If Softcell cannot correct such non-conformance within a reasonable period of time within the scope of
the Services, then Softcell will use commercially reasonable efforts to provide a repair or work around to
correct such non-conformance.
Indemnities:
Softcell shall indemnify, hold harmless, and defend Pluto Seven, its officers, directors, agents and
employees, against all claims, liabilities, damages, losses and expenses, including attorneys' fees and
costs of suit arising out of or in any way connected with the Services provided under this Agreement,
including, without limitation, (i) any breach of the warranties set forth above, (ii) any claim based on the
negligence, omissions or willful misconduct of Softcell or any of Softcell’s employees, and (iii) any claim
by a third party against Pluto Seven alleging that the Services, the results of such Services, or the use of
any other products or processes provided by Softcell under this Agreement, infringe or misappropriate a
patent, copyright, trademark, trade secret or other proprietary right of a third party, whether such are
provided alone or in combination with other products, software or processes.

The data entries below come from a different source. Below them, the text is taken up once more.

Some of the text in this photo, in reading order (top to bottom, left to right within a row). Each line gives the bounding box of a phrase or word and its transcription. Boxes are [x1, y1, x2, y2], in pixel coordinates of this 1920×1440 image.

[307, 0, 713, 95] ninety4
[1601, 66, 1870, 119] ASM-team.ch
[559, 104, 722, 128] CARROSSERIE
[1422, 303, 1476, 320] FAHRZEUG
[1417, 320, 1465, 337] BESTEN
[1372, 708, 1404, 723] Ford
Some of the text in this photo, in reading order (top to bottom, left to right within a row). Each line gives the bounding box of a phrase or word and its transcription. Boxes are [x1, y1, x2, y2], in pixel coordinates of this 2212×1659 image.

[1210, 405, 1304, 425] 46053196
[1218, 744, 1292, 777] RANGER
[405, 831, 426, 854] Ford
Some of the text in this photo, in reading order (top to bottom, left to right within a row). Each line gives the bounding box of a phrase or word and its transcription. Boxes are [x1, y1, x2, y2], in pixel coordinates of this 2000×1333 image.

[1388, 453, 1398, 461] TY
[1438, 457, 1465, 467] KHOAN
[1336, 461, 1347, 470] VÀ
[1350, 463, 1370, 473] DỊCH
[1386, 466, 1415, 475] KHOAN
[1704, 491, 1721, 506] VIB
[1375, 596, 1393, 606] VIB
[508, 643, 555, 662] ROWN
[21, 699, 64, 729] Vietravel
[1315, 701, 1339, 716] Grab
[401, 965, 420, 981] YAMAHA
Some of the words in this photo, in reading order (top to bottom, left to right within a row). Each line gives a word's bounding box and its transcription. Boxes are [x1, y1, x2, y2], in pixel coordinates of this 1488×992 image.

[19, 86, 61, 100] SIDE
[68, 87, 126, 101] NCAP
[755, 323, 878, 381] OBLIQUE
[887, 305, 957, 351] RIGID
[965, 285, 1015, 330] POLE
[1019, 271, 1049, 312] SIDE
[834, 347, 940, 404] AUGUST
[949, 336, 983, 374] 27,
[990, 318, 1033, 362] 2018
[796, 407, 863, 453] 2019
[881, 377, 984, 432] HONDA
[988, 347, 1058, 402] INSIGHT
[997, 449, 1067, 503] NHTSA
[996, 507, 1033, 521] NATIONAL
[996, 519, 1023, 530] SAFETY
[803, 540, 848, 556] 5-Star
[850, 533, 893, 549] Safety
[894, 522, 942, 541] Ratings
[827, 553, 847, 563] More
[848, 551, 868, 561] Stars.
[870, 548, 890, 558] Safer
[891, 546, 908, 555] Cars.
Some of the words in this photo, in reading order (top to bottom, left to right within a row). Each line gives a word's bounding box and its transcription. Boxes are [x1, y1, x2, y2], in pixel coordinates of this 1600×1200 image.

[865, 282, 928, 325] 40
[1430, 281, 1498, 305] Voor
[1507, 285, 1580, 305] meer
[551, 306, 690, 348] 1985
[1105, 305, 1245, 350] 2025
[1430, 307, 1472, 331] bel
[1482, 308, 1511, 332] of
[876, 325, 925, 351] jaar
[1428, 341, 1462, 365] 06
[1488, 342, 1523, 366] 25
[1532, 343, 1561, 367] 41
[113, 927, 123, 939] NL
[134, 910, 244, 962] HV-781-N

• Limitation of Liability: As a result of the sale of such software and hardware, except for breaches of its
warranty and indemnities obligations as stated above, Softcell shall not be liable under any claim or
circumstances, whether the claim sounds in tort, contract or other legal theory for loss of profits, loss of
business / revenue, or other consequential, special, indirect or punitive damages.